This book is more about renting than flipping it seems (which makes more sense and is less speculative to me).

Focus is on high yielding properties
  • Properties must already TOP so you can rent immediately
  • Make it easier to rent by pricing rents slightly below market
  • Property must generate positive cashflow like a business
  • Focus on acquiring cash cow properties
If rental income cannot service debt, try to borrow less until rental income can service debt. This provides safety during down cycles.

Author's calculation of ROE is Net Rental Income over Equity Invested.

For Equity portion:
  • Deposit amount + Stamp Duty (include any renovation, furniture and repairs for conservative cost?)
For Costs
  • Property Tax
  • Mortgage Interest+installments
  • Comissions
  • Replacement/Repair costs
  • Property Maintenance Fees

Target ROE for a property, looking for at least 10%.

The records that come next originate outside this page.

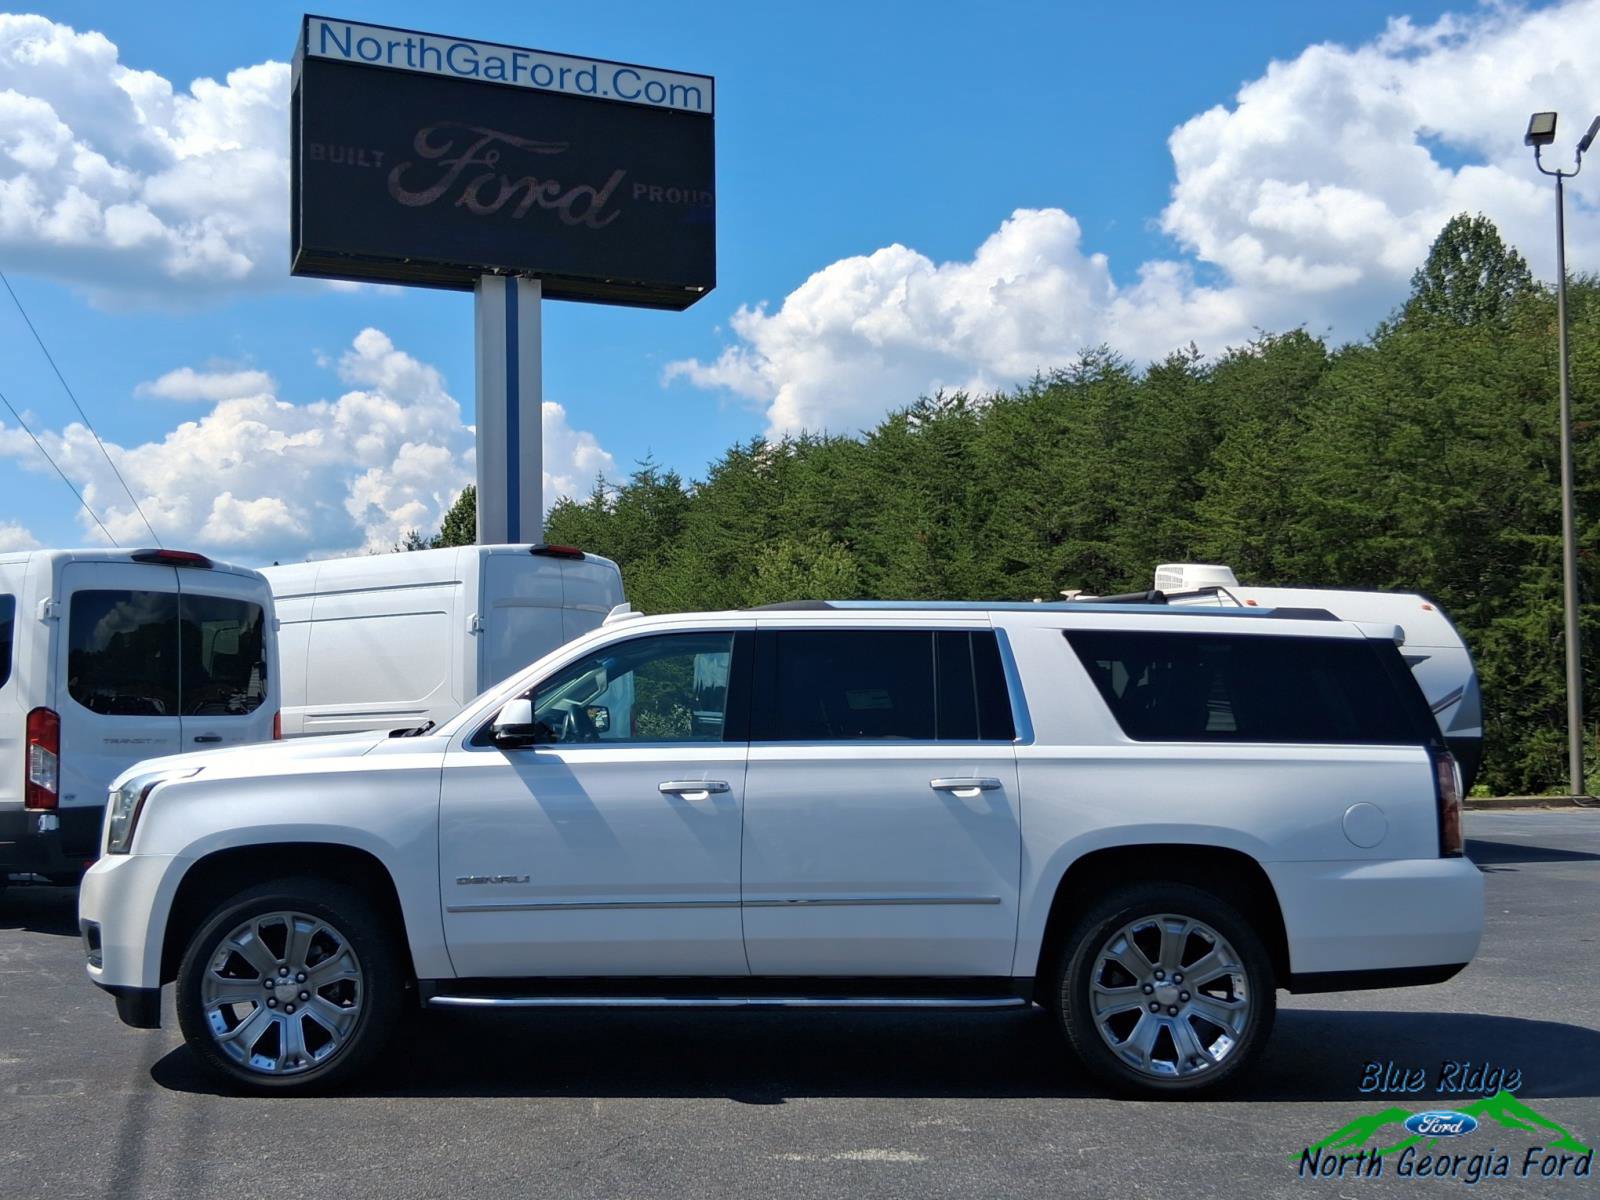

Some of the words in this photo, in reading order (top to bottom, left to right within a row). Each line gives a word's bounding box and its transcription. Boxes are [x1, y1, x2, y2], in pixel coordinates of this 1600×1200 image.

[320, 23, 702, 109] NorthGaFord.Com
[309, 142, 384, 168] BUILT
[387, 120, 628, 230] Ford
[632, 181, 714, 208] PROUD
[456, 874, 530, 885] DENALI

To find undervalued properties, estimate replacement costs
  • check URA website on land prices of the area
  • estimate cost to be about 400$psf (my guess that it is about 30%?, not sure as I am not familiar with developers)
  • Add both together to get replacement cost
  • Generally, developers look to make at least 20% profit from sale price
If an older condo $psf is below replacement cost, it is most likely undervalued. However, cross check your estimation with ROE.

Keep appreciating properties but you may switch to properties with higher ROE. By buying undervalued and selling overvalued, this allows investor to acquire more properties. From there create enough cash cow properties to retire.

Manage property portfolio by
  • Looking for properties that generate consistent rentals
  • Selling underperforming properties
  • Selling when property value is very expensive and rental returns don't make sense anymore

Properties to Avoid
  • Properties that cannot produce decent cashflow and perhaps hard to sell
  • Properties that are costly to maintain and hard to sell (due to the property being outside of affordability range of many buyers)
  • Properties with very short leases left
  • Properties that are remotely located with very few neighbours (suggest hard to rent, low rental demand and slower price appreciation)
  • Mickey Mouse properties in a town full of families unless you are in a town with many singles

Do take note if property is near a developing MRT or mall, do hold it as a future catalyst for price appreciation (estimated of at least 20% upside).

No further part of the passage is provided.